The attorney general said there were "serious questions that must be answered". Mr Barr added that he was "appalled" by the news of Epstein's death and said the justice department had opened its own investigation.
What reaction has there been from victims?
Elsewhere, Epstein's alleged victims have expressed disappointment that he will no longer stand trial. "I am extremely mad and hurt thinking he once again thought he was above us and took the easy way out," Jena-Lisa Jones said in a statement.
"I am angry Jeffrey Epstein won't have to face the survivors of his abuse in court," another alleged victim, Jennifer Araoz, told CNBC.
"We have to live with the scars of his actions for the rest of our lives."
A lawyer for some of the alleged victims, Lisa Bloom, said she would still seek compensation for them.
"We would have preferred he lived to face justice. Our civil cases can still proceed against his estate. Victims deserve to be made whole for the lifelong damage he caused," she wrote on Twitter.
"I've sat with my clients as they have cried and talked about how their lives were changed forever," she told MSNBC. "They deserve compensation."
US Attorney for the Southern District of New York, Geoffrey Berman, said the news of Epstein's death was "disturbing".
"We are deeply aware of their potential to present yet another hurdle to giving Epstein's many victims their day in court," he said in a statement. "We remain committed to standing for you, and our investigation... remains ongoing."
What was he charged with?
Epstein was accused of paying girls under the age of 18 to perform sex acts at his Manhattan and Florida mansions between 2002 and 2005.

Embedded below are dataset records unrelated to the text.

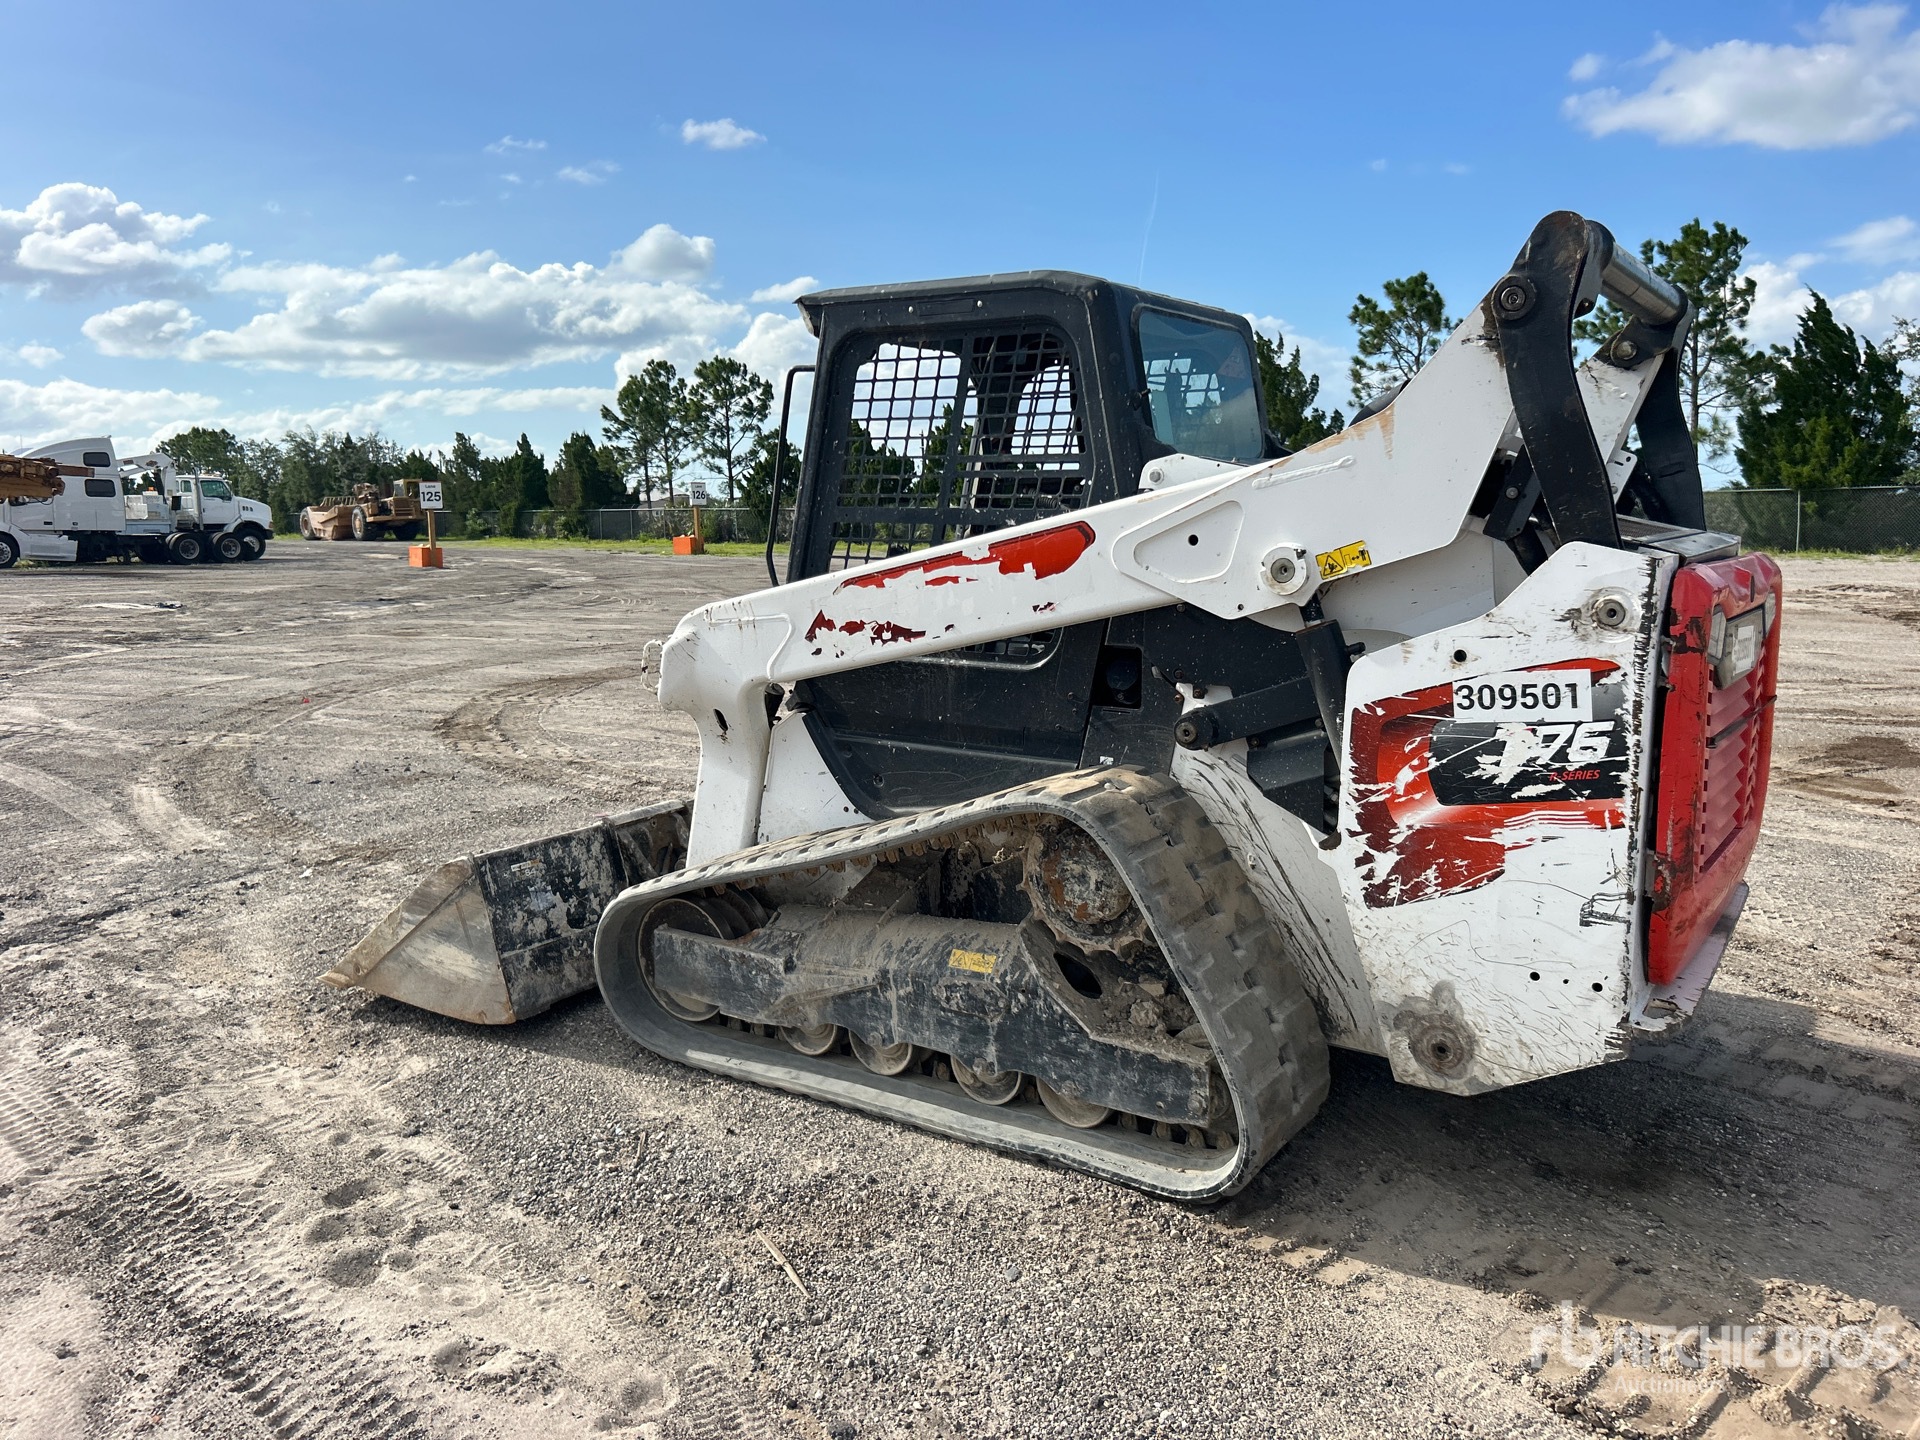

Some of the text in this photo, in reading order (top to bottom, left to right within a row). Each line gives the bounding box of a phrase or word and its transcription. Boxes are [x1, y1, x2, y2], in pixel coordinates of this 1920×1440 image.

[421, 491, 441, 501] 125
[692, 490, 705, 499] 126
[1454, 683, 1578, 711] 309501
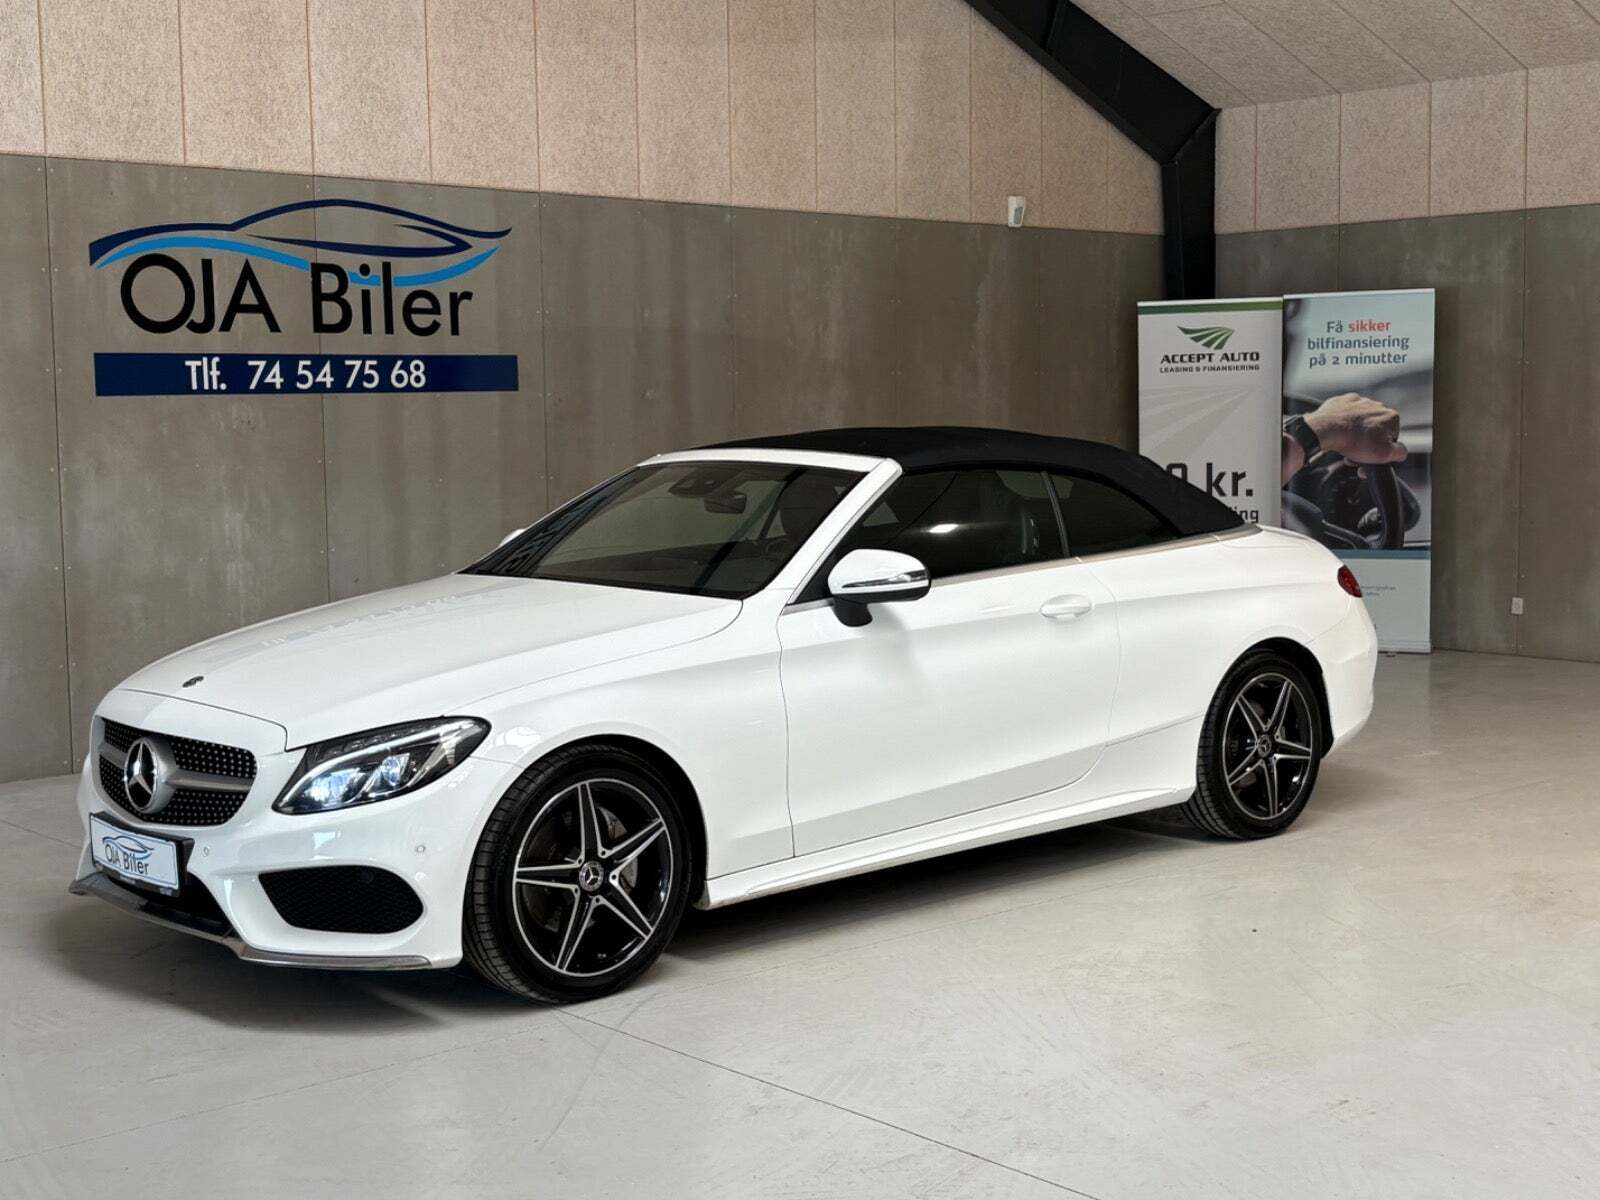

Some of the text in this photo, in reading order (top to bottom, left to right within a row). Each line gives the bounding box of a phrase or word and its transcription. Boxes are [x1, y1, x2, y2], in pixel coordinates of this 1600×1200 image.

[120, 252, 473, 336] OJA Biler
[1326, 319, 1392, 333] Få sikker
[1307, 335, 1410, 350] bilfinansiering
[1160, 351, 1260, 364] ACCEPT AUTO
[1309, 352, 1408, 369] på 2 minutter
[185, 357, 426, 390] Tlf. 74 54 75 68
[1203, 364, 1260, 372] FINANSIERING
[1206, 462, 1254, 497] kr.
[123, 851, 149, 875] Biler

He was arrested on 6 July after landing in New Jersey on his private jet. He avoided similar charges in a controversial secret plea deal in 2008, and instead pleaded guilty to a lesser charge.
That plea deal was closely scrutinised in recent weeks and, last month, US Labor Secretary Alex Acosta resigned over his role in it.

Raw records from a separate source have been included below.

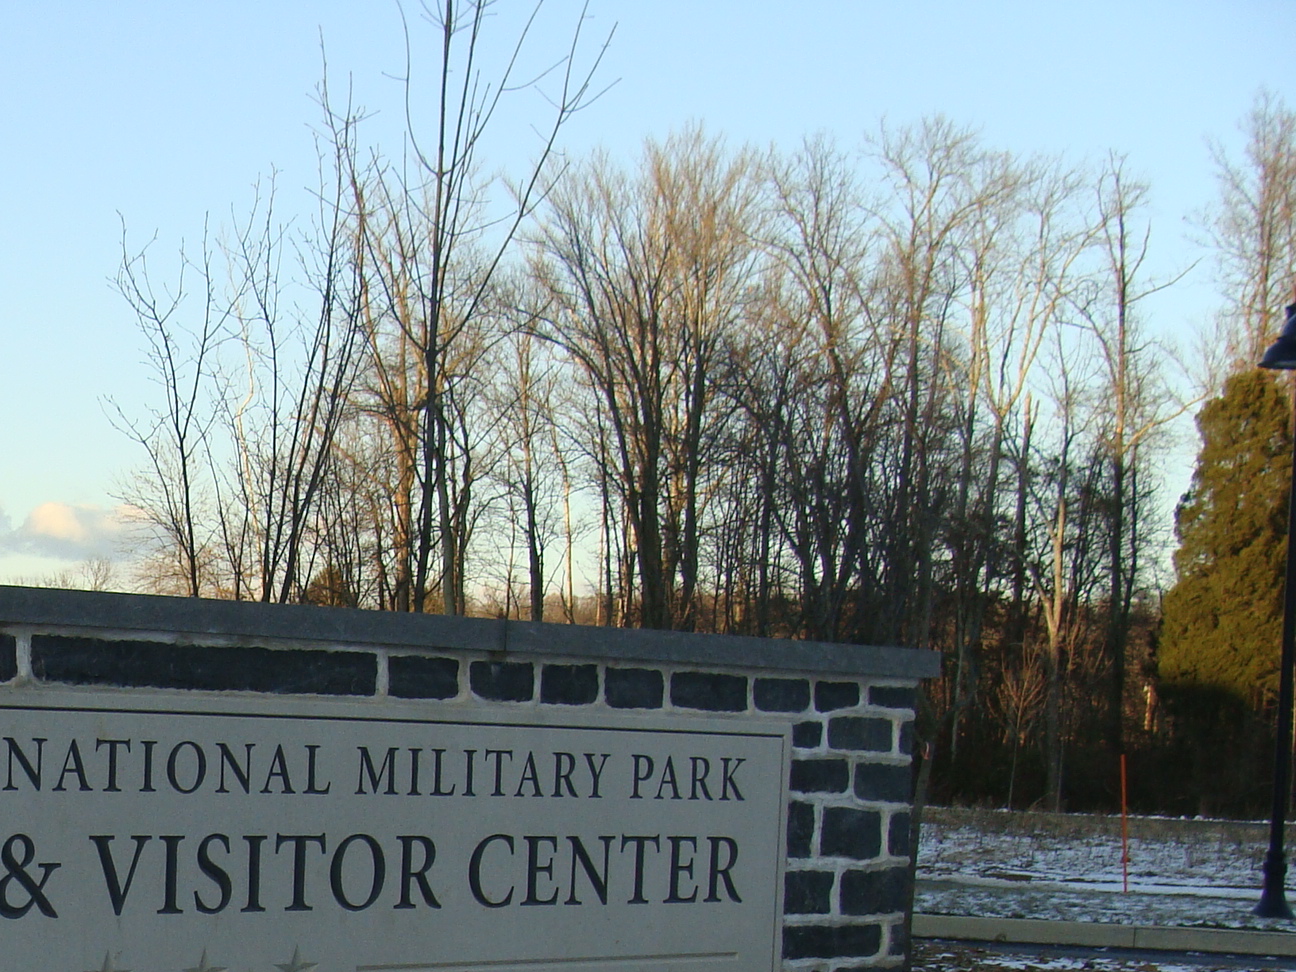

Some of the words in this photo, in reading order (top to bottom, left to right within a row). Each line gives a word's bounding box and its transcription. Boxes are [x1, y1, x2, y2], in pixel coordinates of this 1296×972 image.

[2, 736, 332, 796] NATIONAL
[354, 745, 612, 800] MILITARY
[629, 754, 746, 802] PARK
[89, 832, 442, 917] VISITOR
[468, 833, 744, 909] CENTER

Prosecutors also accused Epstein of paying large amounts of money to two potential witnesses ahead of his trial, which was scheduled to take place next year.
He faced up to 45 years in prison if convicted.
Who was Jeffrey Epstein?
New York-born Epstein worked as a teacher before moving into finance.
Prior to the criminal cases against him, he was best known for his wealth and high-profile connections.
He was often seen socialising with the rich and powerful, including President Donald Trump, former President Bill Clinton and the UK's Prince Andrew.
In a 2002 profile in New York Magazine, Mr Trump referred to Epstein as a "terrific guy".
But he later said the pair fell out "12 or 15 years ago" and reiterated last month that he was "not a fan of Jeffrey Epstein".
Reports of Epstein's wealth vary, with his Virgin Islands-based firm generating no public records.
History of the allegations
2002: The earliest allegations of abuse covered by the recent case take place.
October 2002: Donald Trump tells New York magazine he has known Epstein for 15 years, and that he is a "terrific guy.... it is even said that he likes beautiful women as much as I do, and many of them are on the younger side".
2005: One of Epstein's alleged victims, aged 14, reports him to the police in Palm Beach - sparking the first investigation.
May 2006: Epstein is charged with unlawful sex acts with a minor. Later in the year, the case is referred to the FBI.
2007: A plea deal is struck with Alex Acosta, the US attorney in Florida. Instead of facing federal sex-trafficking charges, he pleads guilty to two charges of soliciting prostitution, including with a minor.
June 2008: Epstein is sentenced to 13 months in prison - a private wing of a county jail. He is also allowed to leave for work - up to 12 hours a day, six days a week. He does, however, have to register as a sex offender.
April 2017: Alex Acosta is appointed labor secretary by now-President Donald Trump.
November 2018: The Miami Herald publishes its explosive investigation into Epstein, the plea deal, and the dozens of women alleging abuse.